Try it
Each entry should be copied as it stands, leaving the pictures behind.

Extracted data
━━━━
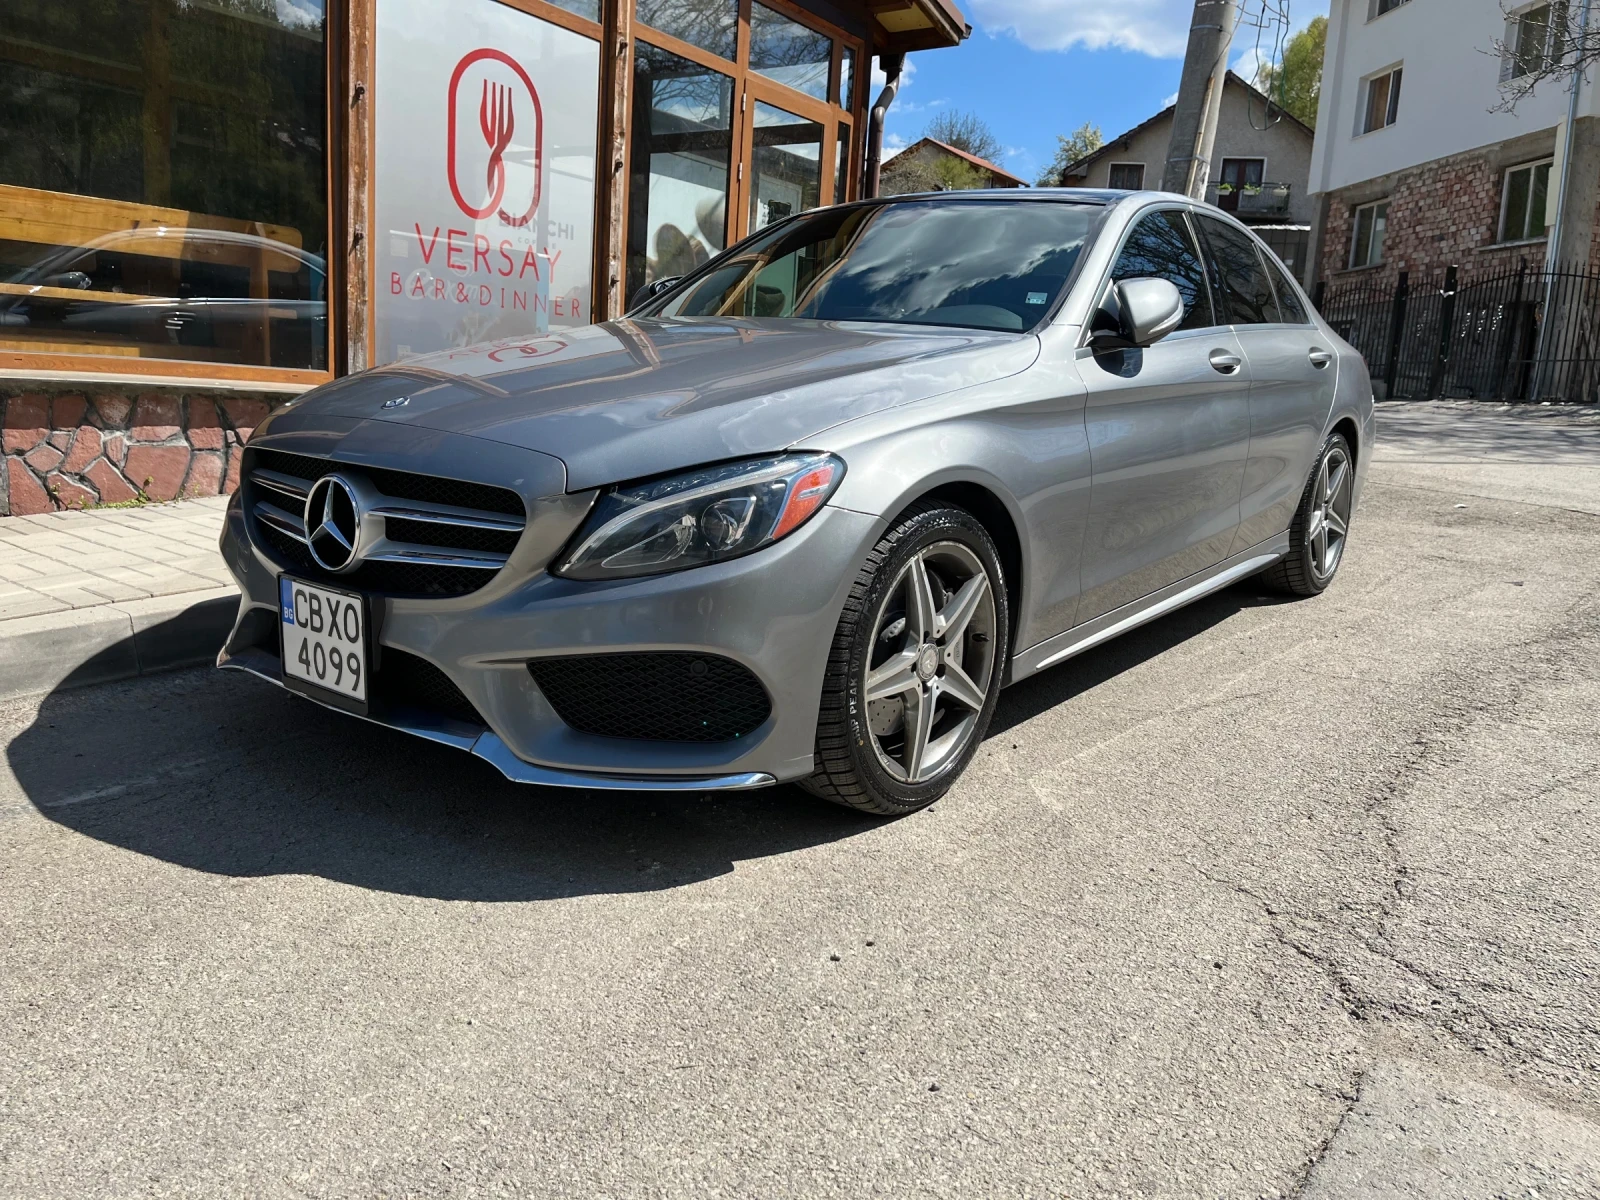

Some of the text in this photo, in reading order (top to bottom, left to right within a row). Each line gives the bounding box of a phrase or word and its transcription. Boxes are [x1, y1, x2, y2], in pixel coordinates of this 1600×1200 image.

[415, 223, 562, 284] VERSAY
[517, 236, 557, 250] COFE
[284, 606, 294, 620] BG
[294, 588, 360, 644] CBXO
[298, 637, 361, 692] 4099
[848, 677, 858, 715] PEAK
━━━━
Exercise output
Some of the text in this photo, in reading order (top to bottom, left to right within a row). Each line gives the bounding box of a phrase or word and its transcription. Boxes are [x1, y1, x2, y2], in pixel coordinates of this 1600×1200 image.

[415, 223, 562, 284] VERSAY
[517, 236, 557, 250] COFE
[284, 606, 294, 620] BG
[294, 588, 360, 644] CBXO
[298, 637, 361, 692] 4099
[848, 677, 858, 715] PEAK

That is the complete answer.